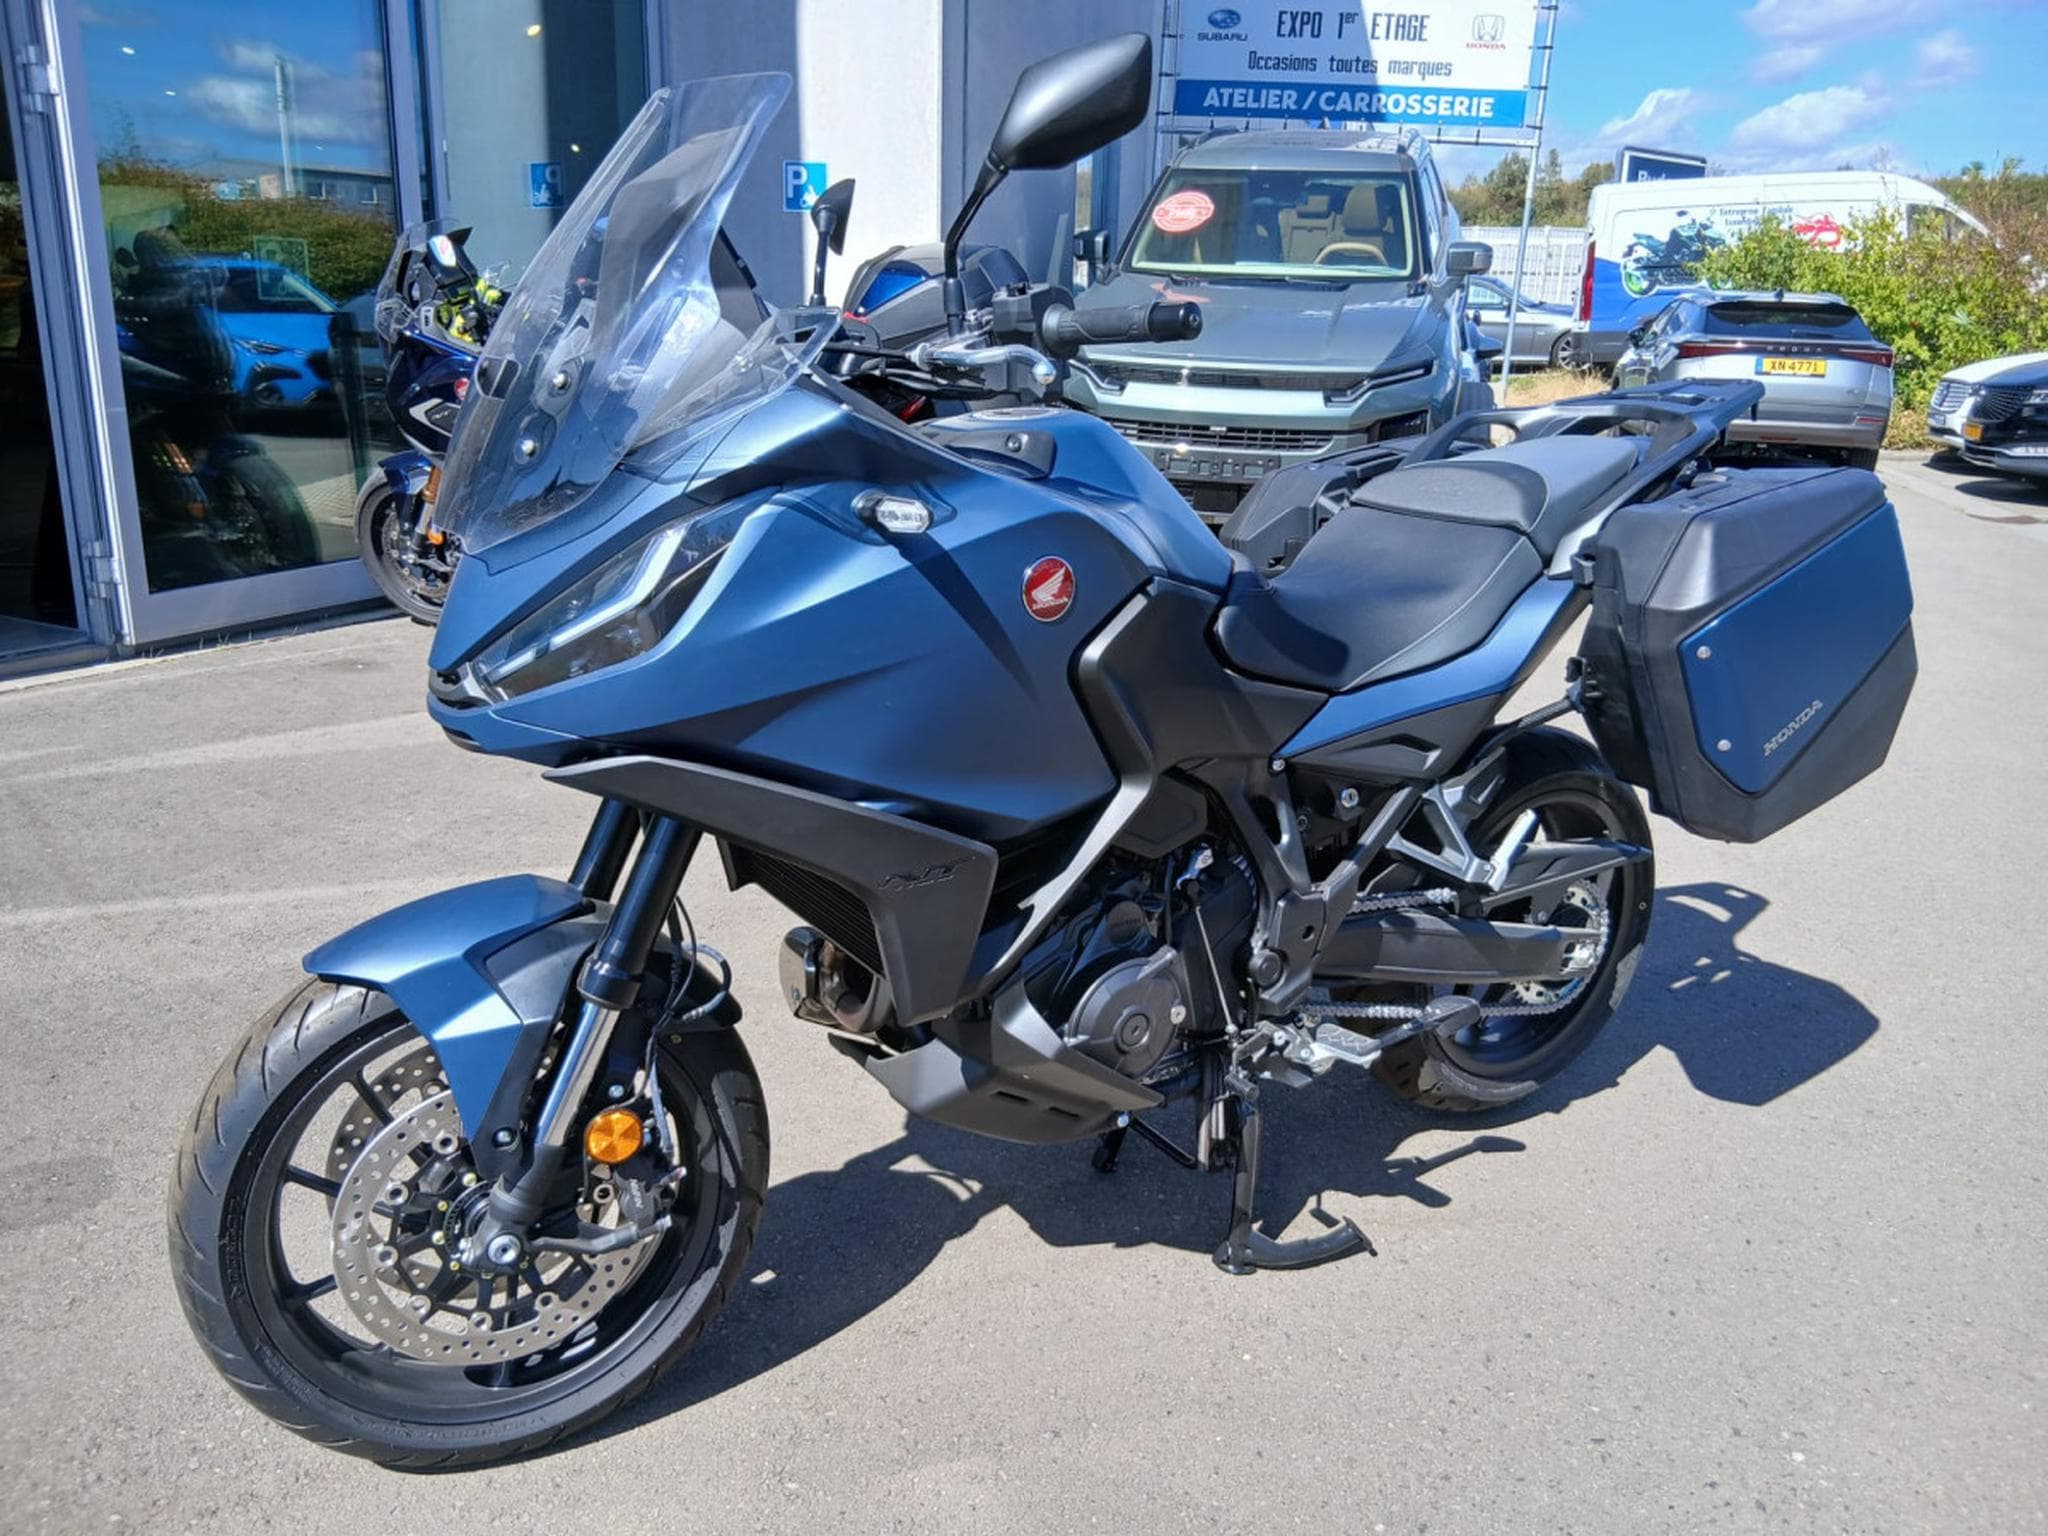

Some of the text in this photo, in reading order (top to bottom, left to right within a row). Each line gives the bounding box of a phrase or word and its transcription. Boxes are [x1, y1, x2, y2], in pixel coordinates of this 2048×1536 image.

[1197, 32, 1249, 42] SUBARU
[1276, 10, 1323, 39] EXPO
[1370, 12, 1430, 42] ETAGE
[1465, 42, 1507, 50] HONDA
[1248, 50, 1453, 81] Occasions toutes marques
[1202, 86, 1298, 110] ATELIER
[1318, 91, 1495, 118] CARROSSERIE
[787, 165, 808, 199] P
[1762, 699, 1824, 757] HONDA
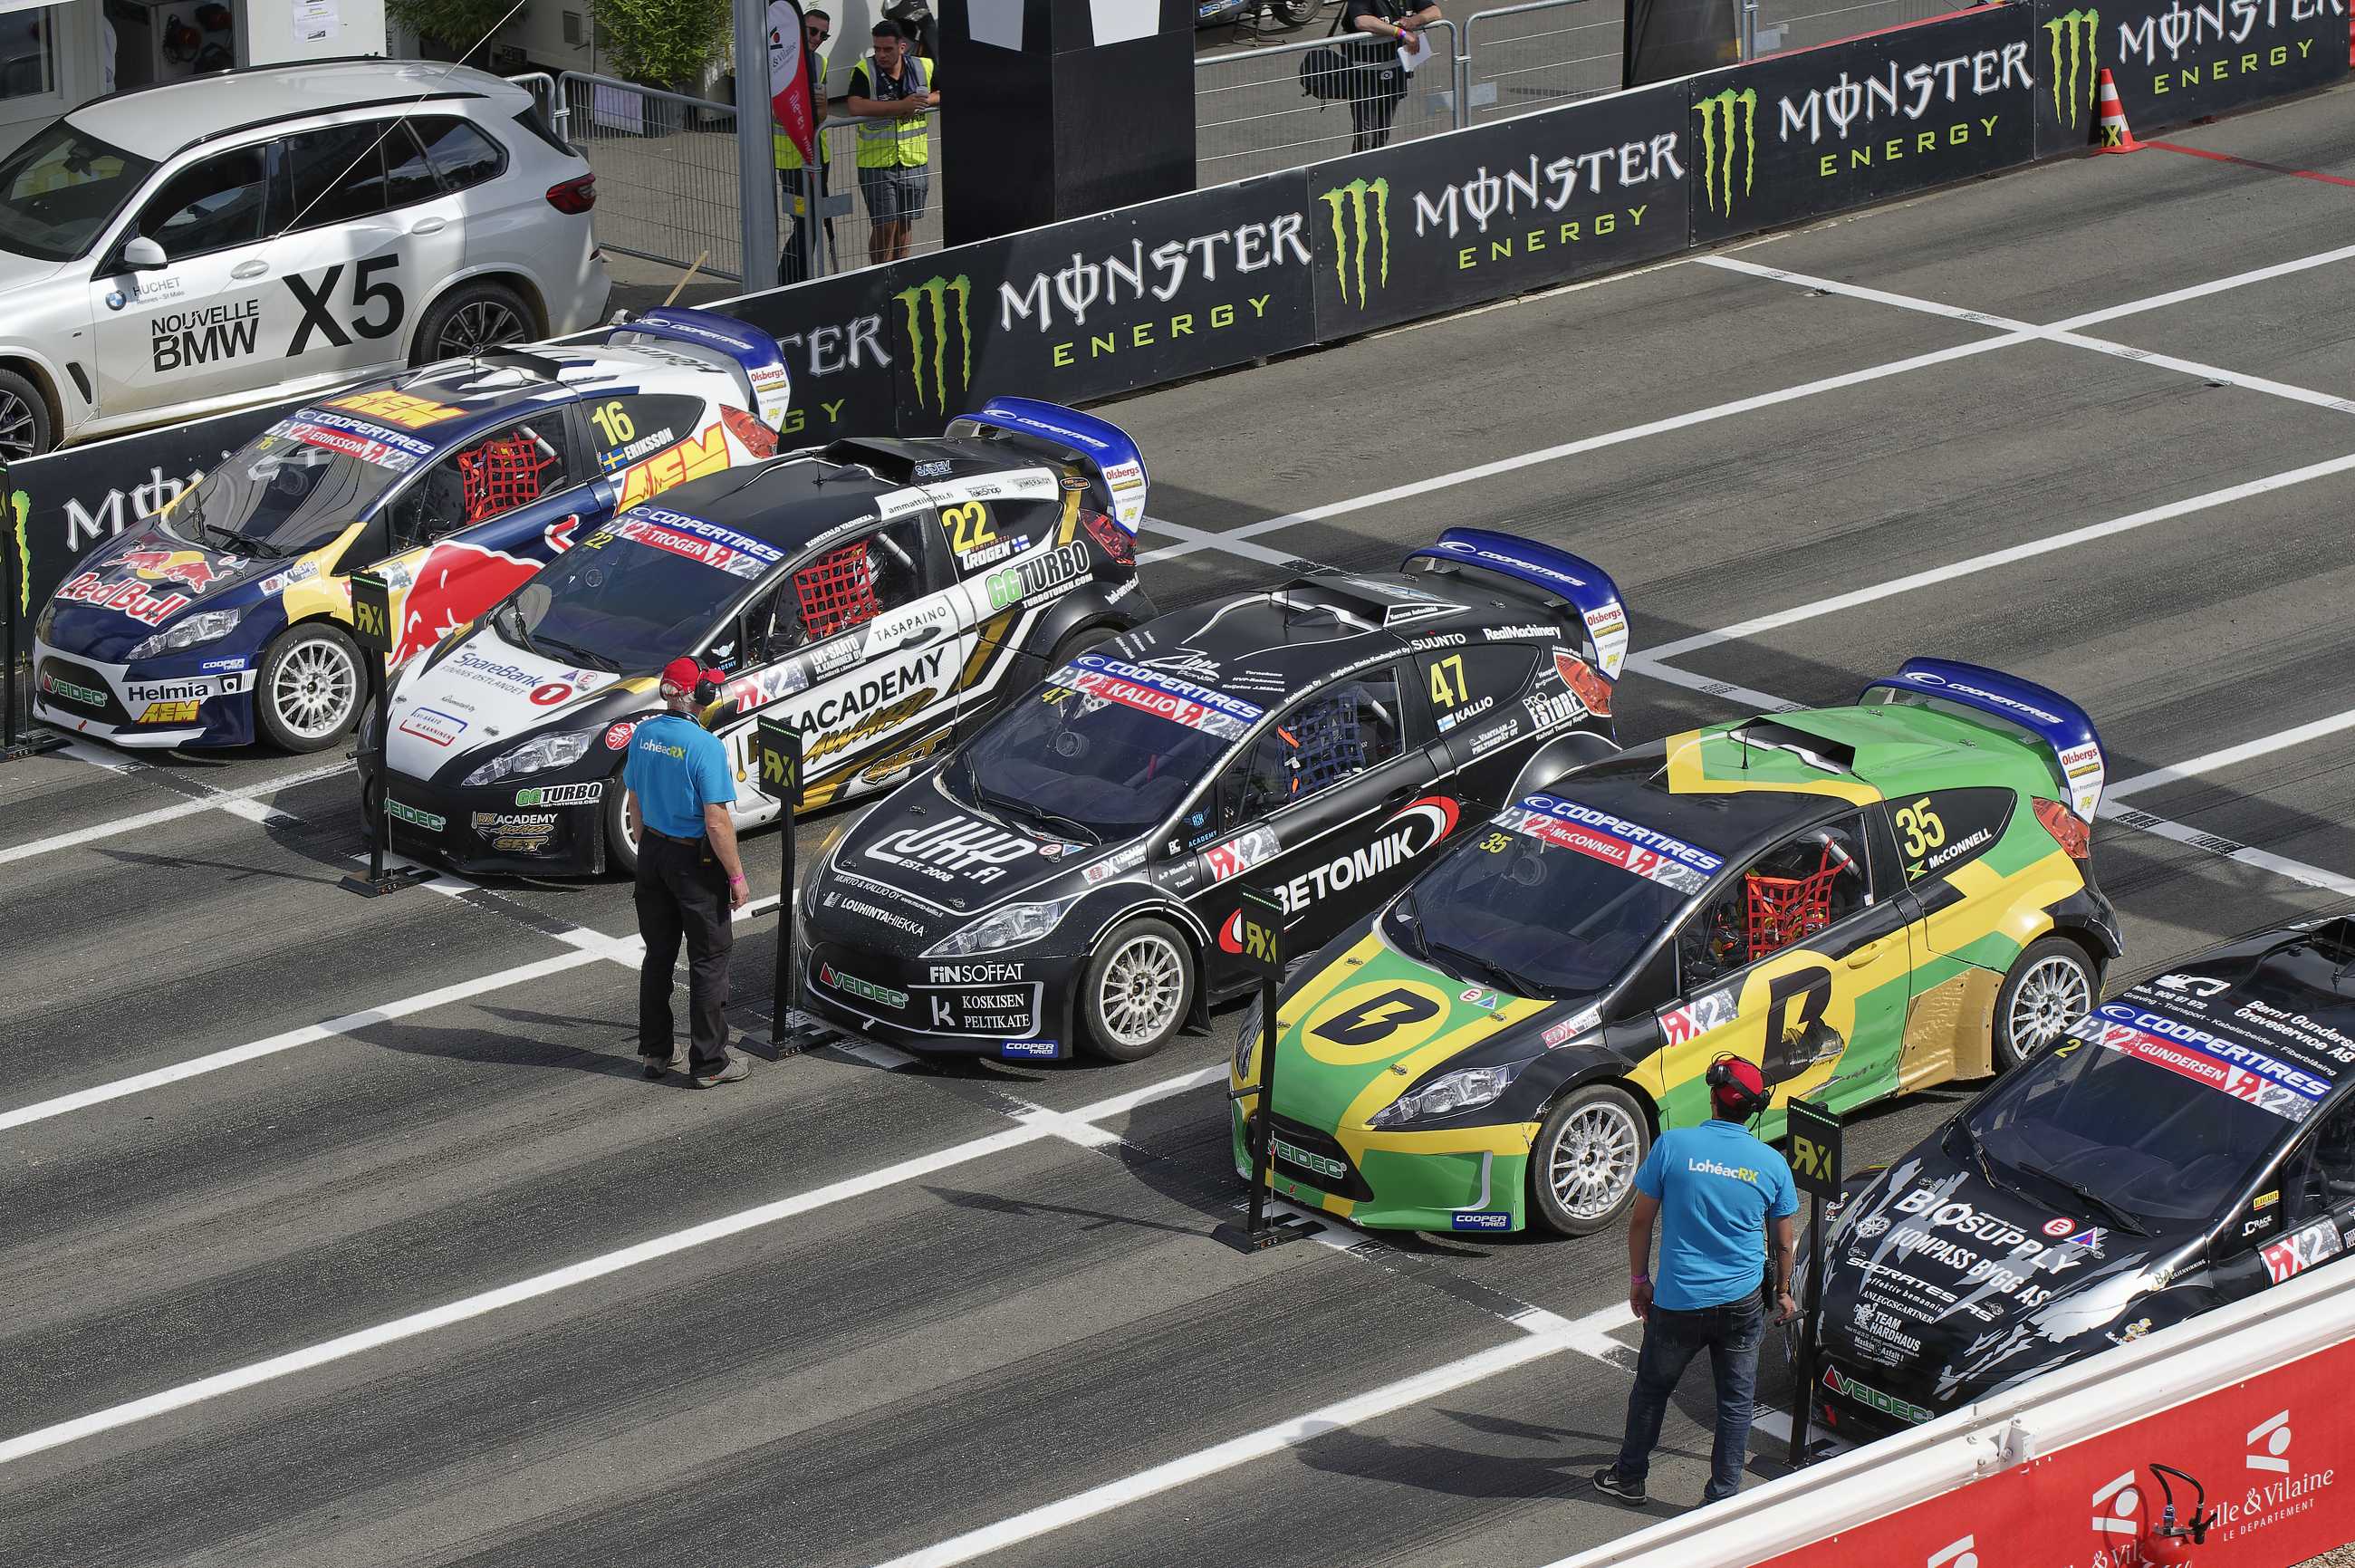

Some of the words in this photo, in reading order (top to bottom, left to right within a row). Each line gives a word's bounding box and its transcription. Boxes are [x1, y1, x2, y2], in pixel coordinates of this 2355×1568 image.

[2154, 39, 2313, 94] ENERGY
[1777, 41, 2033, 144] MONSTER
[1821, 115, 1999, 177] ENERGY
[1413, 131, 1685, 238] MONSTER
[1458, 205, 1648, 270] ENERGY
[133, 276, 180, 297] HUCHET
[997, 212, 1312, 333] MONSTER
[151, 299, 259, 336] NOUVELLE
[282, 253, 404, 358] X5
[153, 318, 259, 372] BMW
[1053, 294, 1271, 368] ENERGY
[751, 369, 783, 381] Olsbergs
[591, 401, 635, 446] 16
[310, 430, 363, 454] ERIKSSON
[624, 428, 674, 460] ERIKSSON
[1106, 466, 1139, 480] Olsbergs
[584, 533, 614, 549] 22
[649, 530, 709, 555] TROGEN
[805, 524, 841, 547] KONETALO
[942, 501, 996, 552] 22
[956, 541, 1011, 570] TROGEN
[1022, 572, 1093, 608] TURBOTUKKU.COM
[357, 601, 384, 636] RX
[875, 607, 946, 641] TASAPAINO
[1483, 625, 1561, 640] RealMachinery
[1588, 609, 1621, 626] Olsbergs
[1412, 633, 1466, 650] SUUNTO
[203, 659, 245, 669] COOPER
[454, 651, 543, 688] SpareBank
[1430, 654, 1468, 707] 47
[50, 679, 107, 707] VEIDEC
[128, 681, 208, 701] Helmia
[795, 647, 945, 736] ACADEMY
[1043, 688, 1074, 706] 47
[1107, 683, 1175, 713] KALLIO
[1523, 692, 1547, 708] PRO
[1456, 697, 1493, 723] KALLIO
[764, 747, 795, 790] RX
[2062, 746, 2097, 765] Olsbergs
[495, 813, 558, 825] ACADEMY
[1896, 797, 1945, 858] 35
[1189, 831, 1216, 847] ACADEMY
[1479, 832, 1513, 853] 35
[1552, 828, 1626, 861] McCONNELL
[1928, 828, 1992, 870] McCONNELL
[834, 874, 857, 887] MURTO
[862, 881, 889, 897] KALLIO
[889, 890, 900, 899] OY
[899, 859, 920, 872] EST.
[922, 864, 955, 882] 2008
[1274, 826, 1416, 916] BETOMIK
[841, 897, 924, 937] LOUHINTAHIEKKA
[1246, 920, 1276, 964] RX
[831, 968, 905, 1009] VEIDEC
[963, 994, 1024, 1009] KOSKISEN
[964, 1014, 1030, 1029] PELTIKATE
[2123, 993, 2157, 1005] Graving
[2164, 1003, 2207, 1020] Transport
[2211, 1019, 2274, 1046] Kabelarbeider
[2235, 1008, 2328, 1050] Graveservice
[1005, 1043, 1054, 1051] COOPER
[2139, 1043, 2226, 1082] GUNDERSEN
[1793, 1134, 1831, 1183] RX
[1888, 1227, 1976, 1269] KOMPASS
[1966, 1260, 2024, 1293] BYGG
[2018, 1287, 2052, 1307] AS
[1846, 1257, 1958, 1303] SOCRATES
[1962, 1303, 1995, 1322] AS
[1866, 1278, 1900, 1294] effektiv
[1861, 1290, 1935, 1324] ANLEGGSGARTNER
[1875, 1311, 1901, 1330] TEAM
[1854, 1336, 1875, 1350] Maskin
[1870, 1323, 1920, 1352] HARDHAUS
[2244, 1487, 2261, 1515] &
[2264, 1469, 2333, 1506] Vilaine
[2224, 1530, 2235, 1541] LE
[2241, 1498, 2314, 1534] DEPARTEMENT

:::::

● Exercise instructions: Each line of the records above must be repeated exactly, but no picture belongs in the copy.

● Exercise solution:
Some of the text in this photo, in reading order (top to bottom, left to right within a row). Each line gives the bounding box of a phrase or word and its transcription. Boxes are [x1, y1, x2, y2], in pixel coordinates of this 2048×1536 image.

[1197, 32, 1249, 42] SUBARU
[1276, 10, 1323, 39] EXPO
[1370, 12, 1430, 42] ETAGE
[1465, 42, 1507, 50] HONDA
[1248, 50, 1453, 81] Occasions toutes marques
[1202, 86, 1298, 110] ATELIER
[1318, 91, 1495, 118] CARROSSERIE
[787, 165, 808, 199] P
[1762, 699, 1824, 757] HONDA

Some of the words in this photo, in reading order (top to bottom, left to right within a row). Each line gives a word's bounding box and its transcription. Boxes are [x1, y1, x2, y2], in pixel coordinates of this 2355×1568 image.

[2154, 39, 2313, 94] ENERGY
[1777, 41, 2033, 144] MONSTER
[1821, 115, 1999, 177] ENERGY
[1413, 131, 1685, 238] MONSTER
[1458, 205, 1648, 270] ENERGY
[133, 276, 180, 297] HUCHET
[997, 212, 1312, 333] MONSTER
[151, 299, 259, 336] NOUVELLE
[282, 253, 404, 358] X5
[153, 318, 259, 372] BMW
[1053, 294, 1271, 368] ENERGY
[751, 369, 783, 381] Olsbergs
[591, 401, 635, 446] 16
[310, 430, 363, 454] ERIKSSON
[624, 428, 674, 460] ERIKSSON
[1106, 466, 1139, 480] Olsbergs
[584, 533, 614, 549] 22
[649, 530, 709, 555] TROGEN
[805, 524, 841, 547] KONETALO
[942, 501, 996, 552] 22
[956, 541, 1011, 570] TROGEN
[1022, 572, 1093, 608] TURBOTUKKU.COM
[357, 601, 384, 636] RX
[875, 607, 946, 641] TASAPAINO
[1483, 625, 1561, 640] RealMachinery
[1588, 609, 1621, 626] Olsbergs
[1412, 633, 1466, 650] SUUNTO
[203, 659, 245, 669] COOPER
[454, 651, 543, 688] SpareBank
[1430, 654, 1468, 707] 47
[50, 679, 107, 707] VEIDEC
[128, 681, 208, 701] Helmia
[795, 647, 945, 736] ACADEMY
[1043, 688, 1074, 706] 47
[1107, 683, 1175, 713] KALLIO
[1523, 692, 1547, 708] PRO
[1456, 697, 1493, 723] KALLIO
[764, 747, 795, 790] RX
[2062, 746, 2097, 765] Olsbergs
[495, 813, 558, 825] ACADEMY
[1896, 797, 1945, 858] 35
[1189, 831, 1216, 847] ACADEMY
[1479, 832, 1513, 853] 35
[1552, 828, 1626, 861] McCONNELL
[1928, 828, 1992, 870] McCONNELL
[834, 874, 857, 887] MURTO
[862, 881, 889, 897] KALLIO
[889, 890, 900, 899] OY
[899, 859, 920, 872] EST.
[922, 864, 955, 882] 2008
[1274, 826, 1416, 916] BETOMIK
[841, 897, 924, 937] LOUHINTAHIEKKA
[1246, 920, 1276, 964] RX
[831, 968, 905, 1009] VEIDEC
[963, 994, 1024, 1009] KOSKISEN
[964, 1014, 1030, 1029] PELTIKATE
[2123, 993, 2157, 1005] Graving
[2164, 1003, 2207, 1020] Transport
[2211, 1019, 2274, 1046] Kabelarbeider
[2235, 1008, 2328, 1050] Graveservice
[1005, 1043, 1054, 1051] COOPER
[2139, 1043, 2226, 1082] GUNDERSEN
[1793, 1134, 1831, 1183] RX
[1888, 1227, 1976, 1269] KOMPASS
[1966, 1260, 2024, 1293] BYGG
[2018, 1287, 2052, 1307] AS
[1846, 1257, 1958, 1303] SOCRATES
[1962, 1303, 1995, 1322] AS
[1866, 1278, 1900, 1294] effektiv
[1861, 1290, 1935, 1324] ANLEGGSGARTNER
[1875, 1311, 1901, 1330] TEAM
[1854, 1336, 1875, 1350] Maskin
[1870, 1323, 1920, 1352] HARDHAUS
[2244, 1487, 2261, 1515] &
[2264, 1469, 2333, 1506] Vilaine
[2224, 1530, 2235, 1541] LE
[2241, 1498, 2314, 1534] DEPARTEMENT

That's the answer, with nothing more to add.